Marchey changed position, his hypersensitive ur-fingers tracing the convoluted skeinings of his patient’s nervous and circulatory systems upward. Toward the head. Toward the brain. A tight-lipped, disapproving frown shadowed his face.
Form V or mimetic cancer had turned the old man’s thoracic area into a metastatic jungle of blackflowering malignancies. Lungs. Liver. Spleen. Stomach. Kidneys. The list went on and on.
“I turned her into the perfect enforcer and bodyguard. She doesn’t believe she is an angel, she knows it. Her certainty is absolute and unshakable. Every glance in the mirror confirms that certainty. I was the one who tattooed her face, by the way. A most enjoyable art form, in that it is the canvas and not the artist that suffers. Her loyalty is absolute. She will disbelieve her own senses before she doubts me or my orders.”
He had to pause for breath. For the last few months he had not been able to get quite enough air.

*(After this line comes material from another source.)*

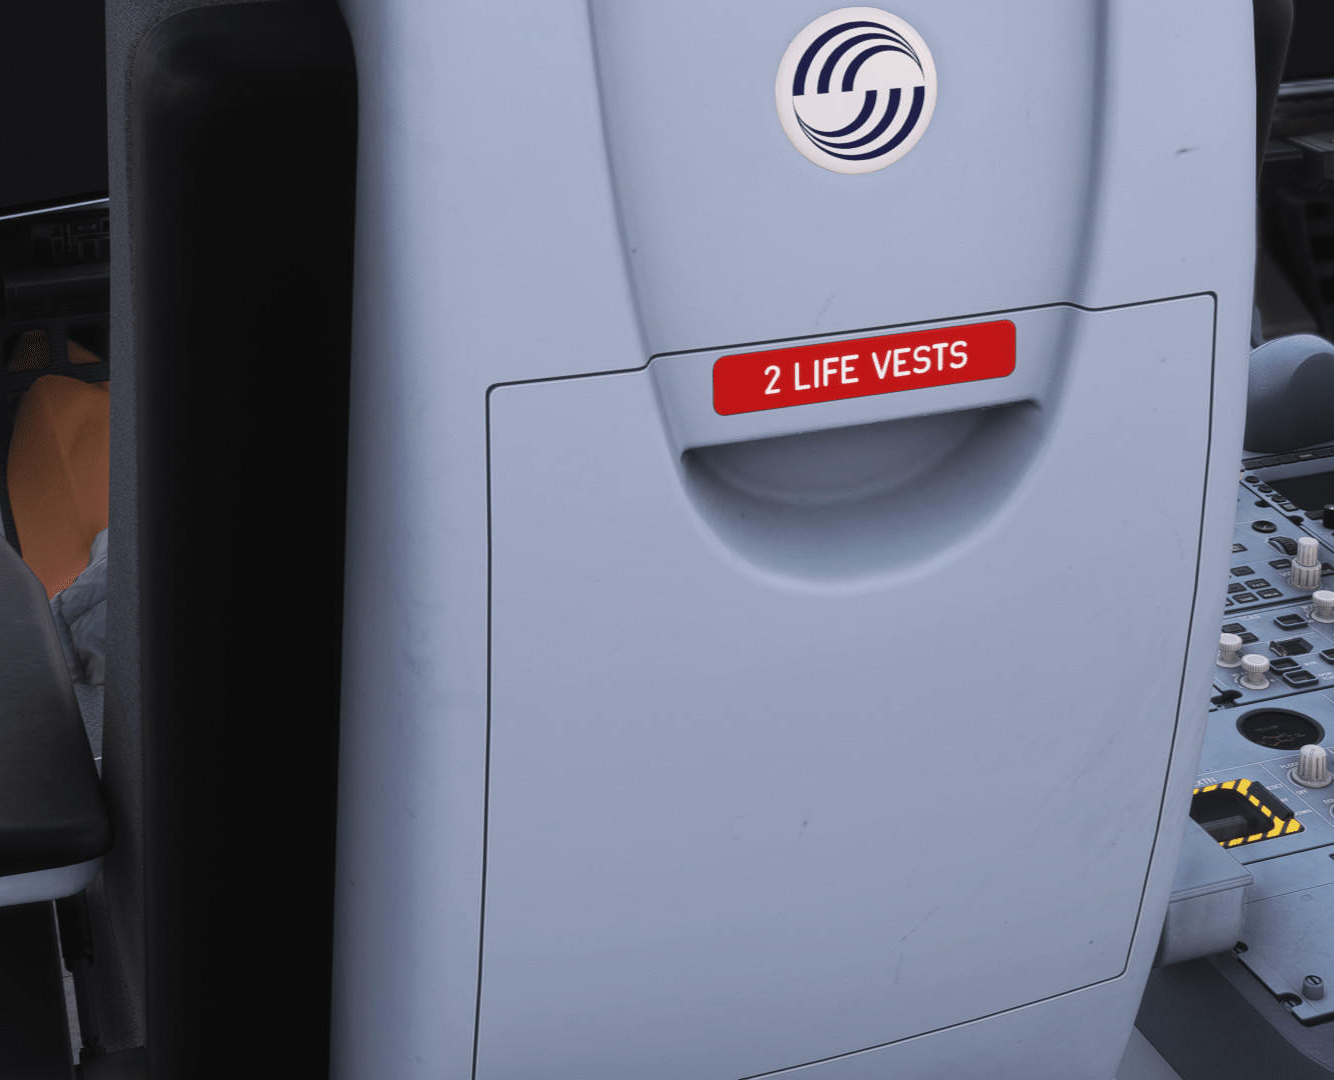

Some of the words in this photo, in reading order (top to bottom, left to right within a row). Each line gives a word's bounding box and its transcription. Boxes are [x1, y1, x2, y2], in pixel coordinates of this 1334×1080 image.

[764, 365, 781, 395] 2
[794, 354, 859, 391] LIFE
[871, 341, 968, 379] VESTS

“As for the name Scylla, that was a private joke only I was properly equipped to appreciate. When she was ready, I tested her. The first two tasks I gave her were simple. Fir
st I had her kill the doctor who made her what she was. Slowly, and with a certain bloody flair. Then I had her kill her own mother.”
Marchey shook his head, displeased. One of Form V’s mimetic variations was vascular. It insinuated itself into the structure of the patient’s veins and capillaries, replacing healthy cells and mimicking their function. To destroy or excise it would cause vascular collapse.

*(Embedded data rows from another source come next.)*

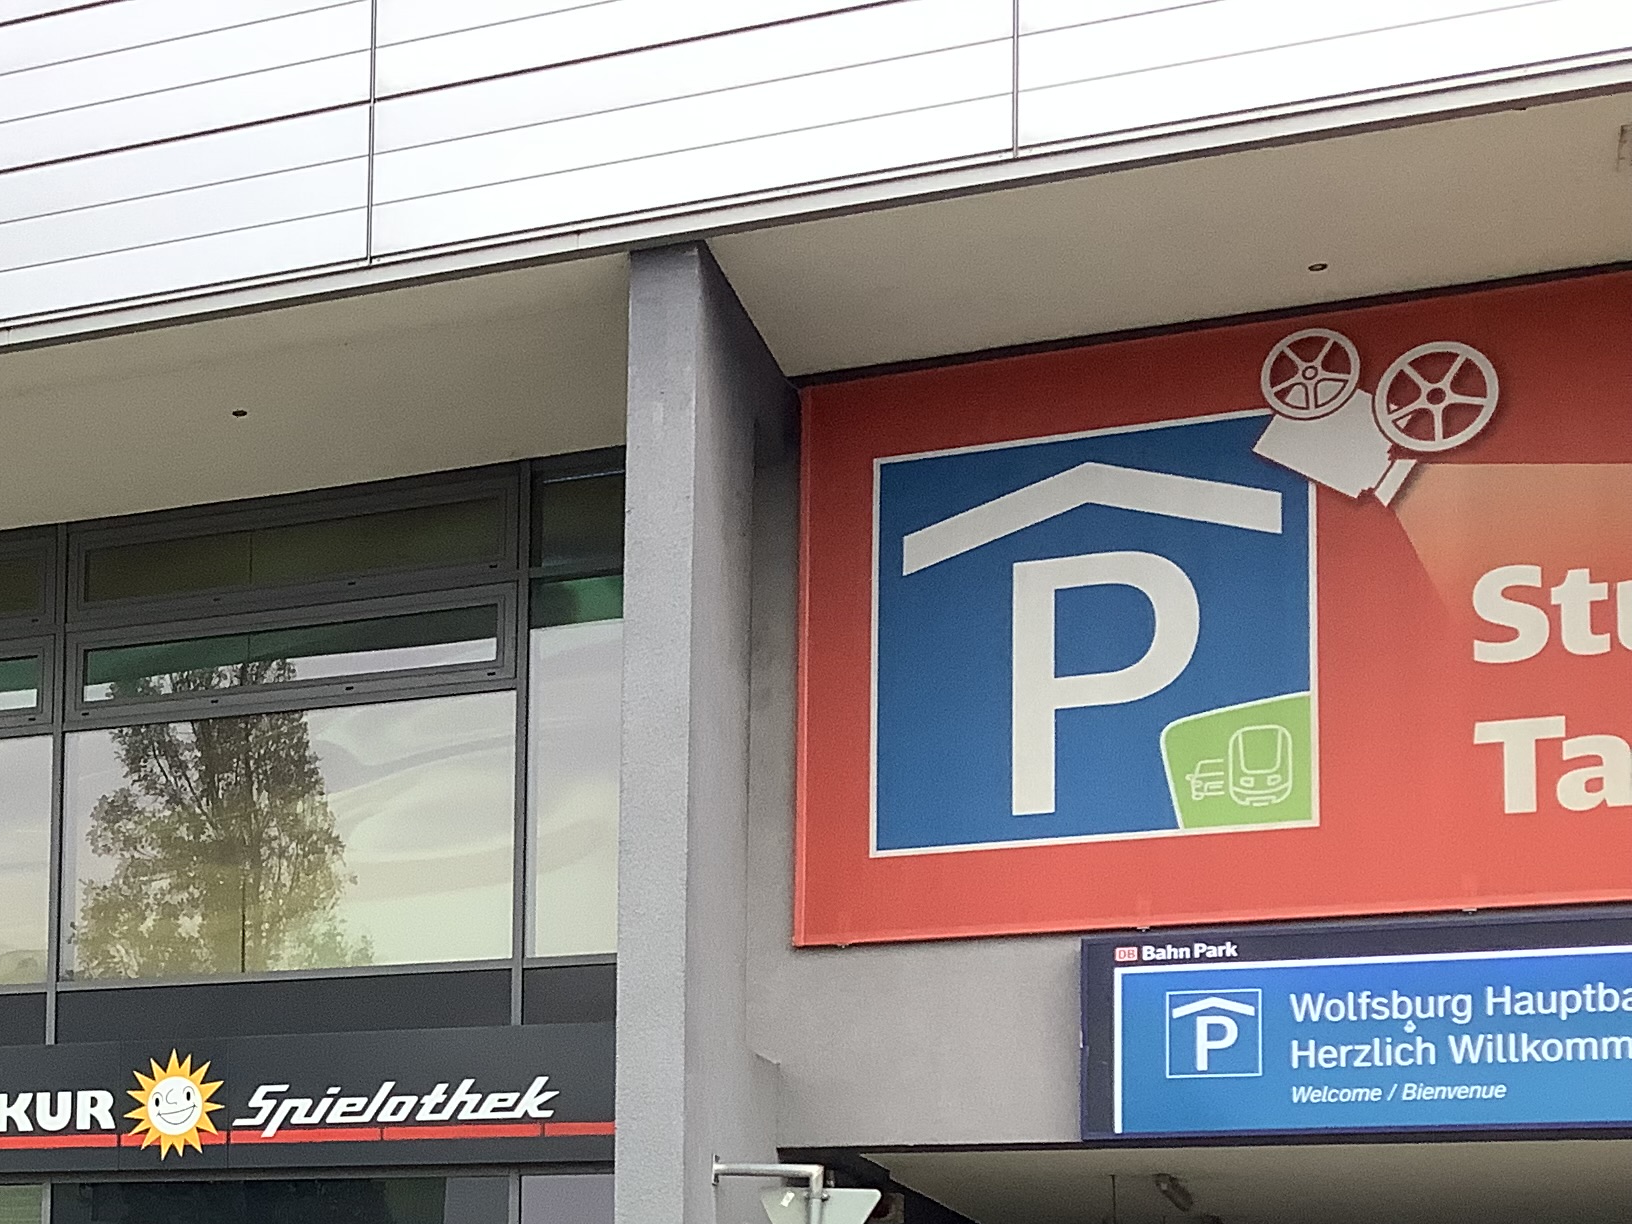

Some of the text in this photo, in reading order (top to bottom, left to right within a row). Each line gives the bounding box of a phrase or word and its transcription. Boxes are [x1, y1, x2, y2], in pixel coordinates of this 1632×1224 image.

[1472, 563, 1632, 663] St
[1011, 551, 1200, 816] P
[1141, 944, 1191, 961] Bahn
[1194, 941, 1238, 958] Park
[1289, 989, 1472, 1024] Wolfsburg
[1196, 1015, 1239, 1071] P
[1290, 1032, 1632, 1068] Herzlich Willkomm
[232, 1076, 560, 1137] Spielothek
[1292, 1082, 1508, 1103] Welcome / Bienvenue
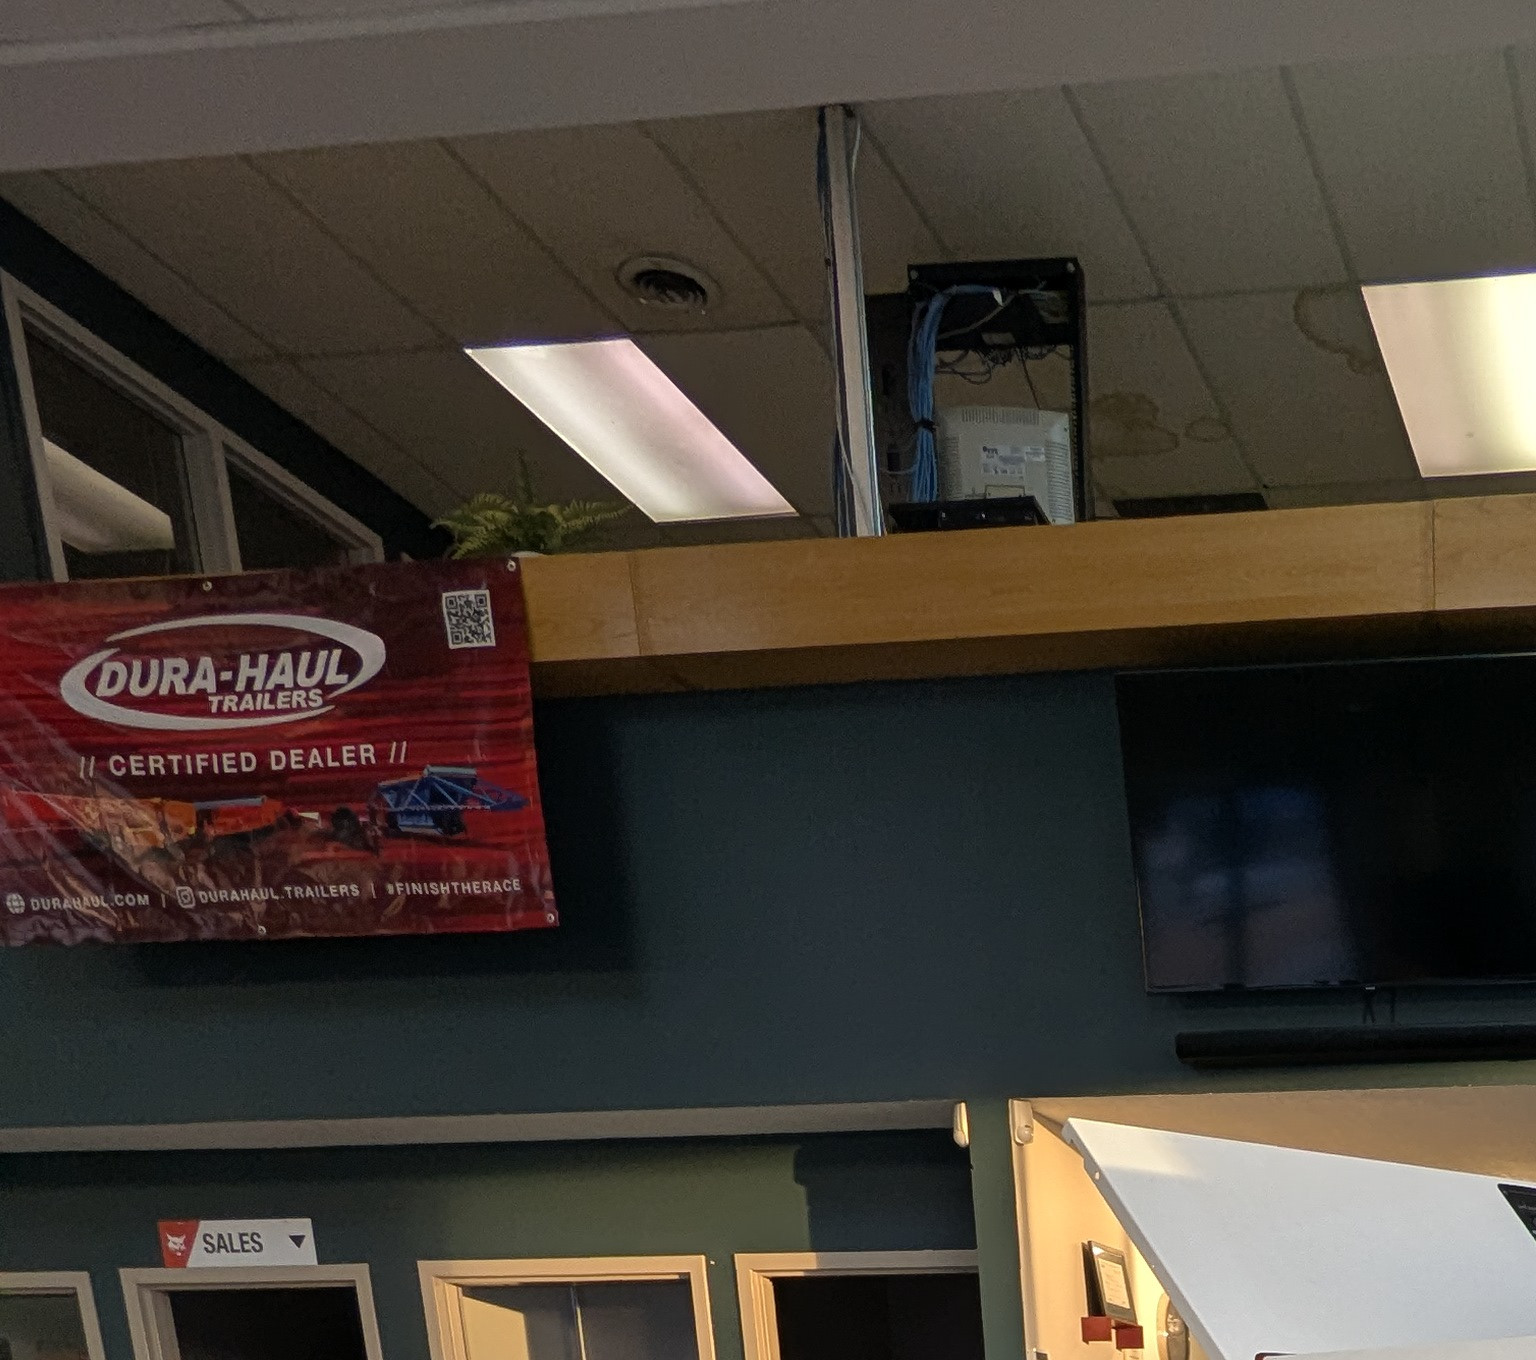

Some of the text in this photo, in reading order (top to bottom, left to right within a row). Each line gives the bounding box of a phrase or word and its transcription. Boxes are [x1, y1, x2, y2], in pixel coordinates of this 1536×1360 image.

[96, 648, 349, 698] DURA-HAUL
[208, 687, 324, 713] TRAILERS
[108, 751, 257, 776] CERTIFIED
[270, 743, 377, 771] DEALER
[386, 878, 522, 896] #FINISHTHERACE
[202, 1231, 264, 1254] SALES

That was what it had done inside Brother Fist’s cranium. The old monster’s brain was as rotten and tumorous as the abominations it housed. Remove the cancer and he would begin hemorrhaging in literally hundreds of thousands of places.

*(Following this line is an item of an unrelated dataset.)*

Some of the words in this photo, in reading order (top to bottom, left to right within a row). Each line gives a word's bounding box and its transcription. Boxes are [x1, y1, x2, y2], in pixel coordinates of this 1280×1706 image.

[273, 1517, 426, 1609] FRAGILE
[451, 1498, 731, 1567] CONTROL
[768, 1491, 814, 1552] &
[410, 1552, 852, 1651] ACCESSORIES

As Marchey explored the damage, some mental subsystem heard the story of how an innocent girl had been warped into a monster and felt sorrow. Another felt relief that there was almost no chance he would be able to perform a self-damning healing. But for the most part he was in the position of a fireman who has arrived on the scene only to find the house he is supposed to save already completely engulfed in flame.
Brother Fist could not resist fondling the grim bones of his works. “You should have seen it. The expression of shock and horror on her mother’s face was one of the most exquisite things I have ever seen. She recognized her child. She wept. She pled. She cried Angel’s name, but it meant nothing to my creation. Scylla flayed—”
The rest of that grisly description was blotted out by a wall-shuddering reverberating boom, deafening as the thunderclap riding a lightning strike, deep and foreboding as the first trump of the Apocalypse. Books and art objects jittered from their shelves, crashing to the floor.
It came again, this time bringing a stony rain and the tormented shriek of rending steel.
Brother Fist stared past Marchey, his face turning an ashy gray when he saw Scylla standing in the ragged hole where once there had been an armored door.
She was an apparition to strike fear. Dust swirled around her like smoke. Her demonic face was twisted into a terrifying mask of hatred. Her angel eye was aimed at her Master with the deadly intent of a gunsight while her other eye burned with an angel’s wrath and glistened with an angel’s unshed tears.